CVE-2024-13653 is a vulnerability classified under CWE-862 (Missing Authorization) found in the ZoxPress - The All-In-One WordPress News Theme developed by MVPThemes. The issue arises from the 'backup_options' function, which lacks a proper capability check, allowing authenticated users with as low as Subscriber-level privileges to modify arbitrary WordPress options. This missing authorization enables attackers to escalate privileges by changing the default registration role to administrator and enabling user registration, thereby creating new administrative accounts without requiring higher privileges or user interaction. The vulnerability affects all versions up to and including 2.12.0 of the theme. The CVSS v3.1 base score is 8.8, reflecting high impact on confidentiality, integrity, and availability, with network attack vector, low attack complexity, and no user interaction required. Although no known exploits are currently in the wild, the vulnerability's nature makes it a critical risk for WordPress sites using this theme, especially news and media sites relying on ZoxPress. The flaw allows attackers to gain full control over the site, potentially leading to data breaches, defacement, or further compromise of connected systems. The vulnerability was publicly disclosed in February 2025, with no official patch available at the time, emphasizing the need for immediate mitigation.
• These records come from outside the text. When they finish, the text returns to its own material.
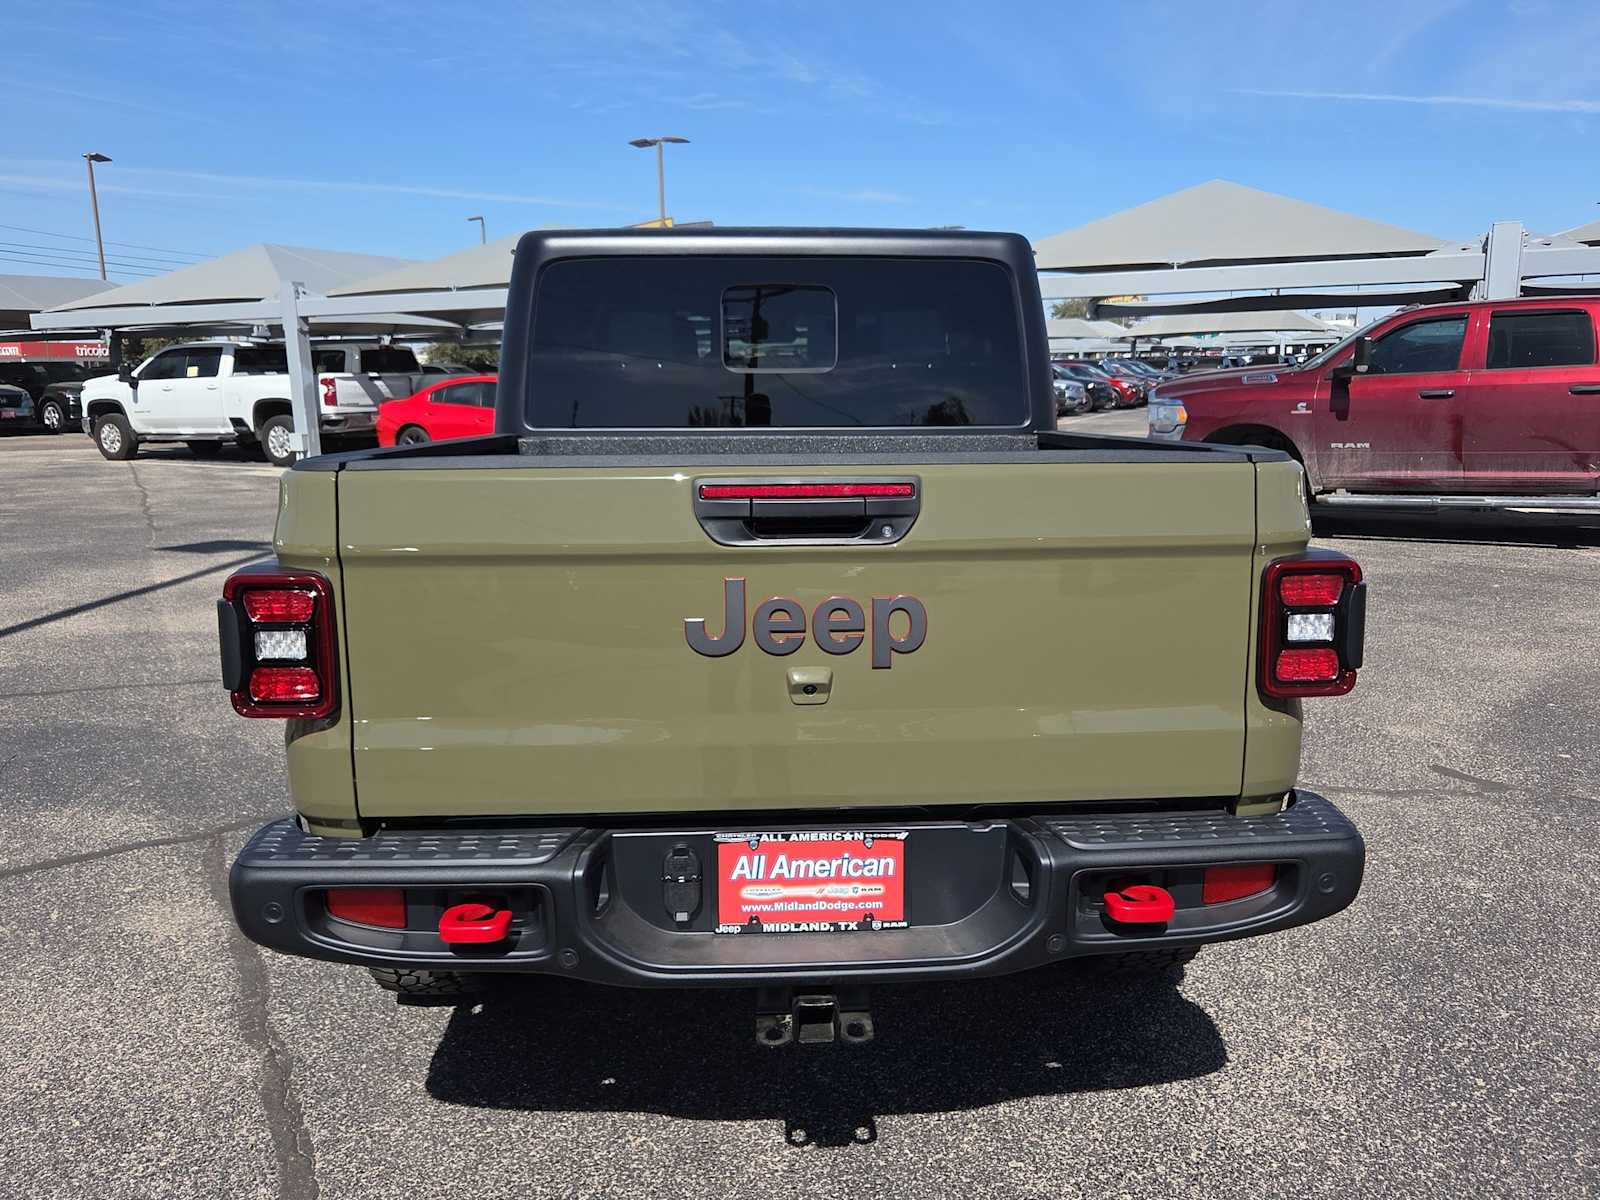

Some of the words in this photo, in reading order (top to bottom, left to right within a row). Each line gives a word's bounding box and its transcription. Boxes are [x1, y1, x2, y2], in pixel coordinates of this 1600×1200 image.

[683, 575, 928, 670] Jeep
[760, 833, 786, 842] ALL
[730, 854, 767, 880] All
[769, 852, 896, 879] American
[741, 901, 883, 912] www.MidlandDodge.com
[715, 924, 741, 934] Jeep
[762, 922, 835, 933] MIDLAND,
[838, 921, 858, 931] TX
The impact of CVE-2024-13653 is severe for organizations running WordPress sites with the ZoxPress theme. Attackers with minimal authenticated access can escalate privileges to administrator level, effectively gaining full control over the website. This can lead to unauthorized data modification, site defacement, insertion of malicious code, theft of sensitive information, and disruption of service. For news and media organizations, this could result in reputational damage, loss of user trust, and potential regulatory consequences if user data is compromised. The ability to create new admin accounts also facilitates persistent access and lateral movement within the hosting environment. Given WordPress's widespread use globally, especially in content management for news outlets, the vulnerability poses a significant risk to the integrity and availability of critical information platforms. The lack of required user interaction and low complexity of exploitation further increase the likelihood of successful attacks.
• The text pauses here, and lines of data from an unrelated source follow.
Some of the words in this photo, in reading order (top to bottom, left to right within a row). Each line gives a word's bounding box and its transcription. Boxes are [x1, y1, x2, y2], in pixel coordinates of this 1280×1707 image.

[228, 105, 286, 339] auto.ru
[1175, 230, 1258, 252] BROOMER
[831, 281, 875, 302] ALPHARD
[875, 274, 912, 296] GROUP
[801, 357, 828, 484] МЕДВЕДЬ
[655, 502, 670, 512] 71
To mitigate CVE-2024-13653, organizations should immediately restrict access to the WordPress admin area to trusted users only, ensuring that Subscriber-level users are carefully managed or temporarily disabled if not necessary. Until an official patch is released, consider disabling user registration and setting the default role to a non-privileged level manually via the WordPress settings. Implement web application firewall (WAF) rules to detect and block unauthorized attempts to invoke the 'backup_options' function or modify site options. Regularly audit user roles and permissions to detect any unauthorized changes. Monitoring logs for unusual option updates or new administrator accounts can provide early warning of exploitation attempts. Additionally, consider isolating the WordPress environment and applying principle of least privilege to database and file system access. Once a patch becomes available from MVPThemes, apply it promptly. Backup site data regularly to enable recovery in case of compromise.